**DATA EXTRACT**
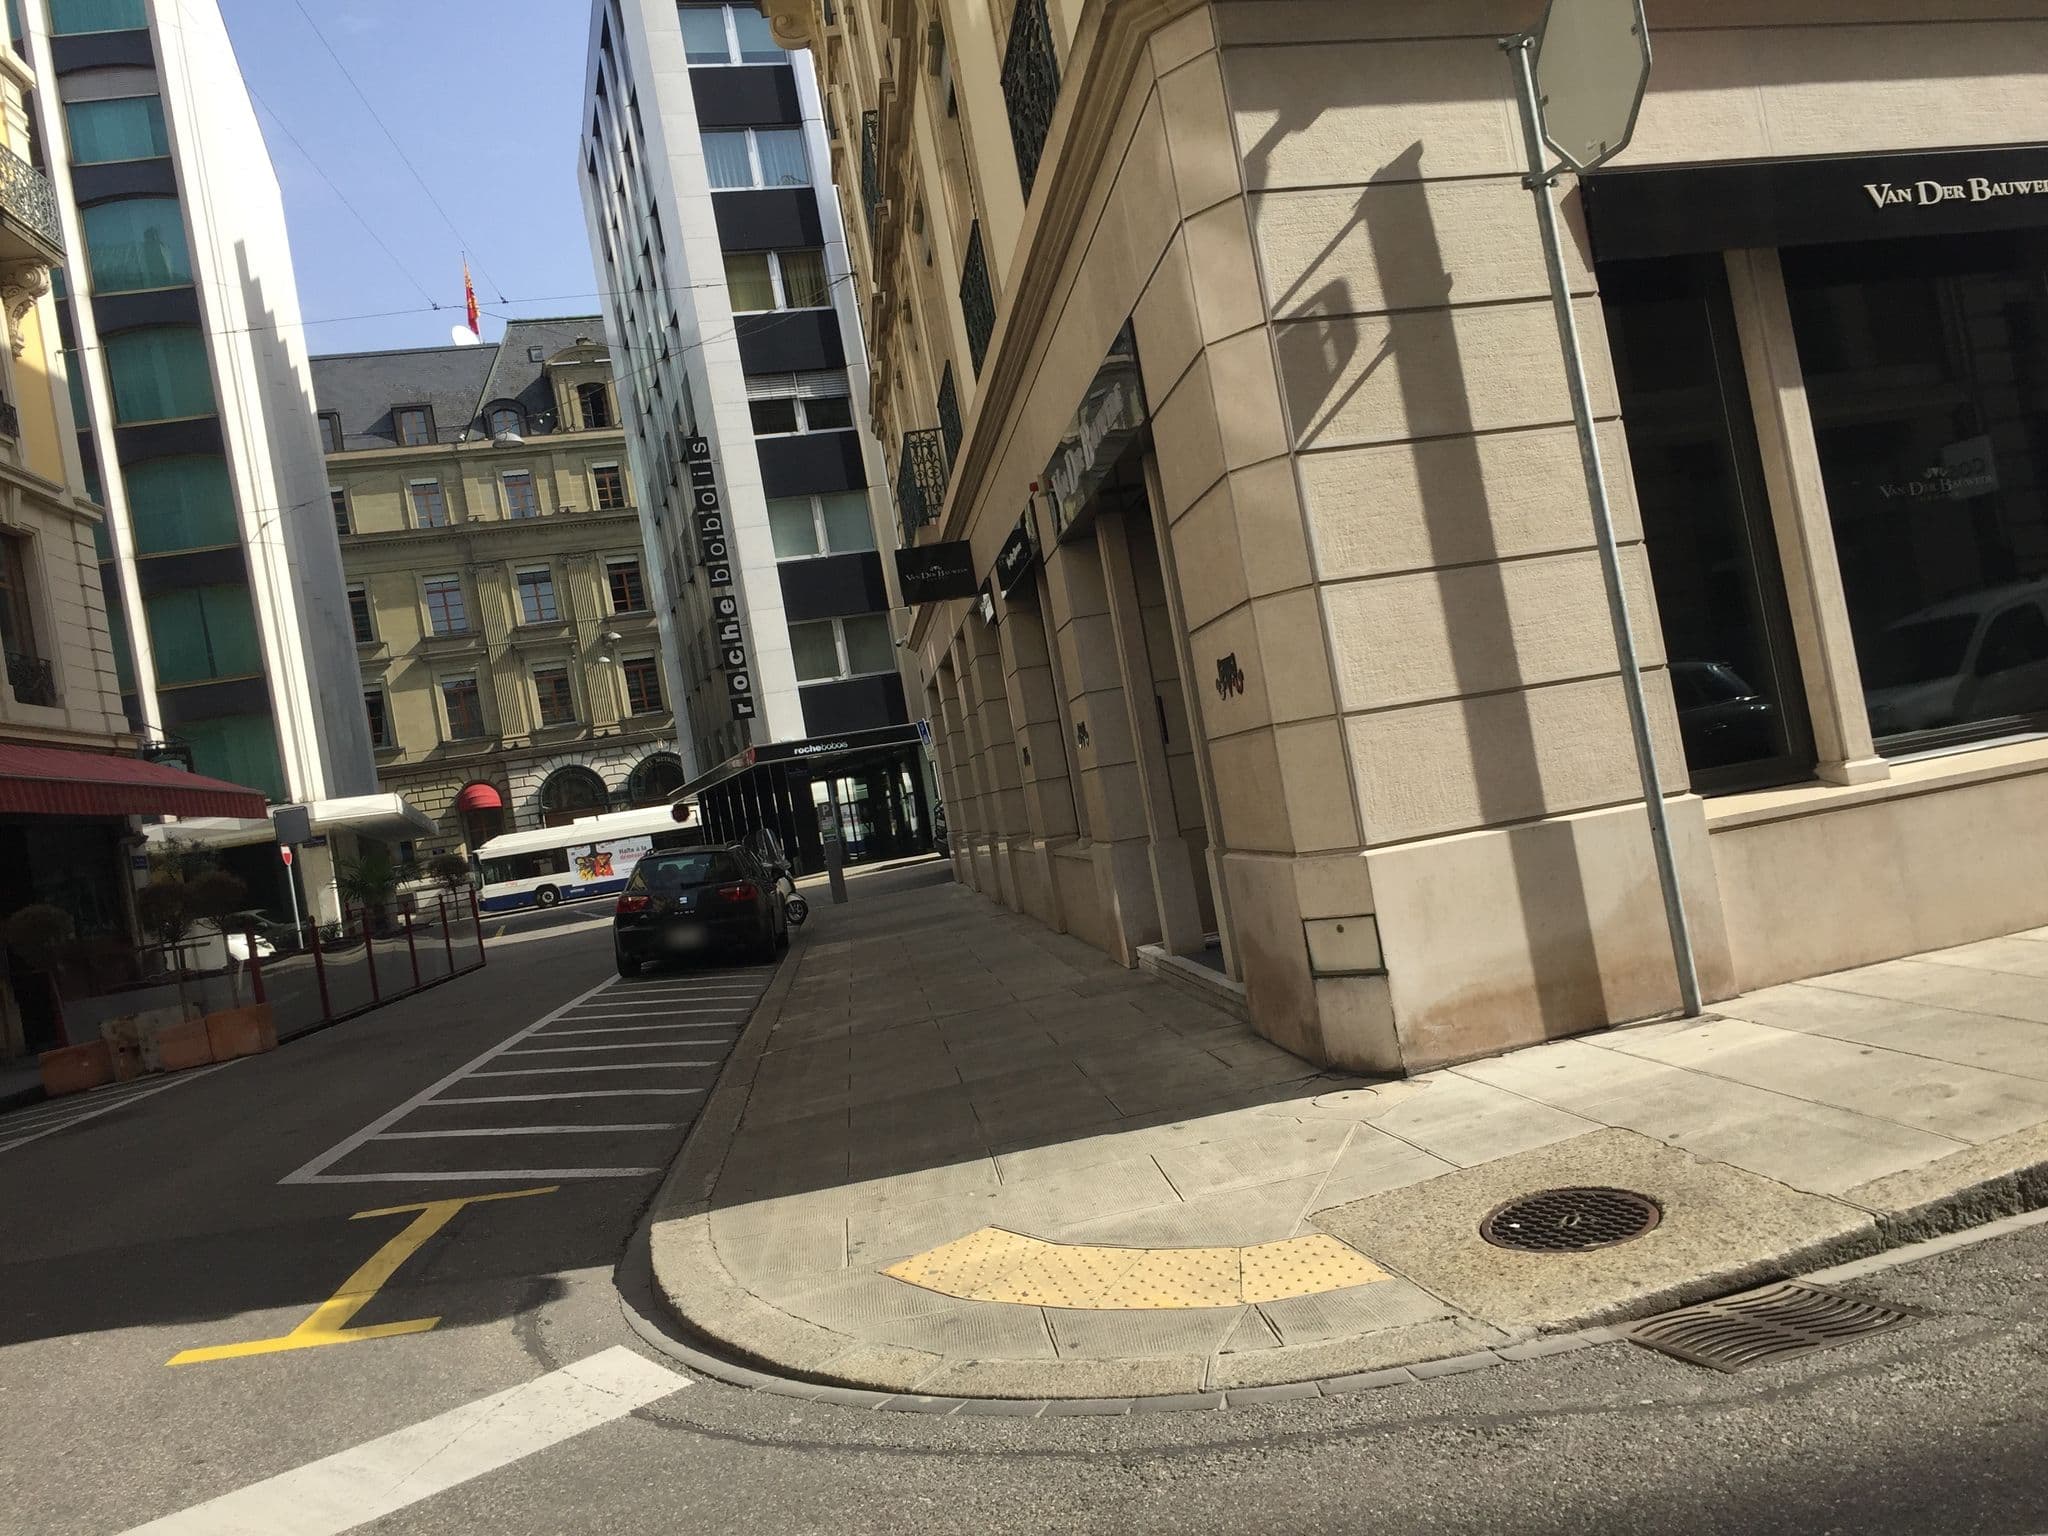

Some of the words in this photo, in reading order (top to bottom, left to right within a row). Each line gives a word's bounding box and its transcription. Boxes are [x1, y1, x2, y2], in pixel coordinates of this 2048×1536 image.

==

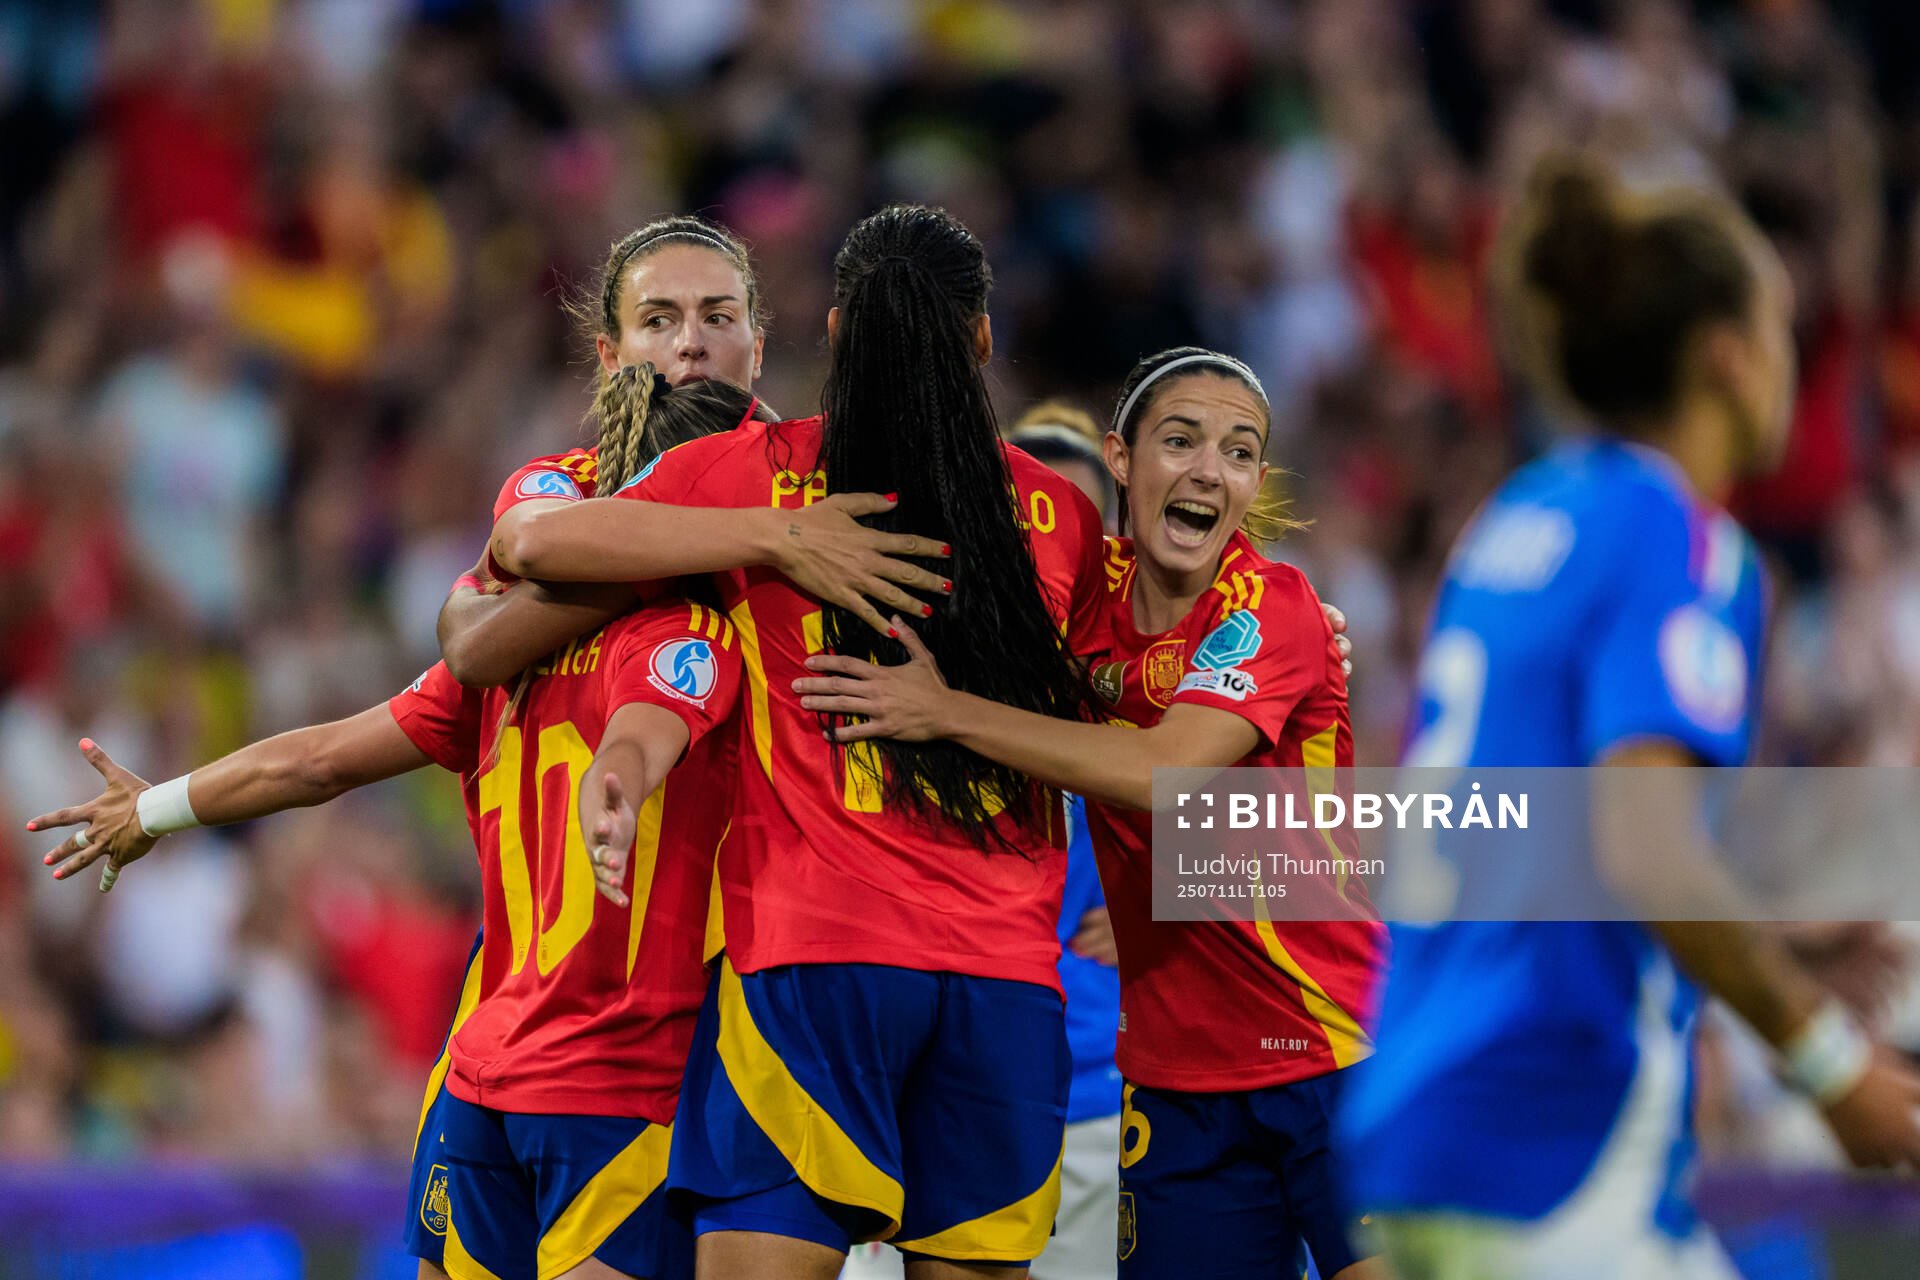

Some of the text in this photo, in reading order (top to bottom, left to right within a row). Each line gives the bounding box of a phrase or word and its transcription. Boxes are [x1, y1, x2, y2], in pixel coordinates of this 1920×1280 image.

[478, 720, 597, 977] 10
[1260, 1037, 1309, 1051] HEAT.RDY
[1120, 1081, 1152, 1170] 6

--

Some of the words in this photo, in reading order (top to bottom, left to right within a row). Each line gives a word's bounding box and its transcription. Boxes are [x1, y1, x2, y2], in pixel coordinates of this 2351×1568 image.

**TO DO**
Go through the listing above and find each line that contains "words", then copy it.

**EXERCISE SOLUTION**
Some of the words in this photo, in reading order (top to bottom, left to right within a row). Each line gives a word's bounding box and its transcription. Boxes are [x1, y1, x2, y2], in pixel coordinates of this 2048×1536 image.
Some of the words in this photo, in reading order (top to bottom, left to right within a row). Each line gives a word's bounding box and its transcription. Boxes are [x1, y1, x2, y2], in pixel coordinates of this 2351×1568 image.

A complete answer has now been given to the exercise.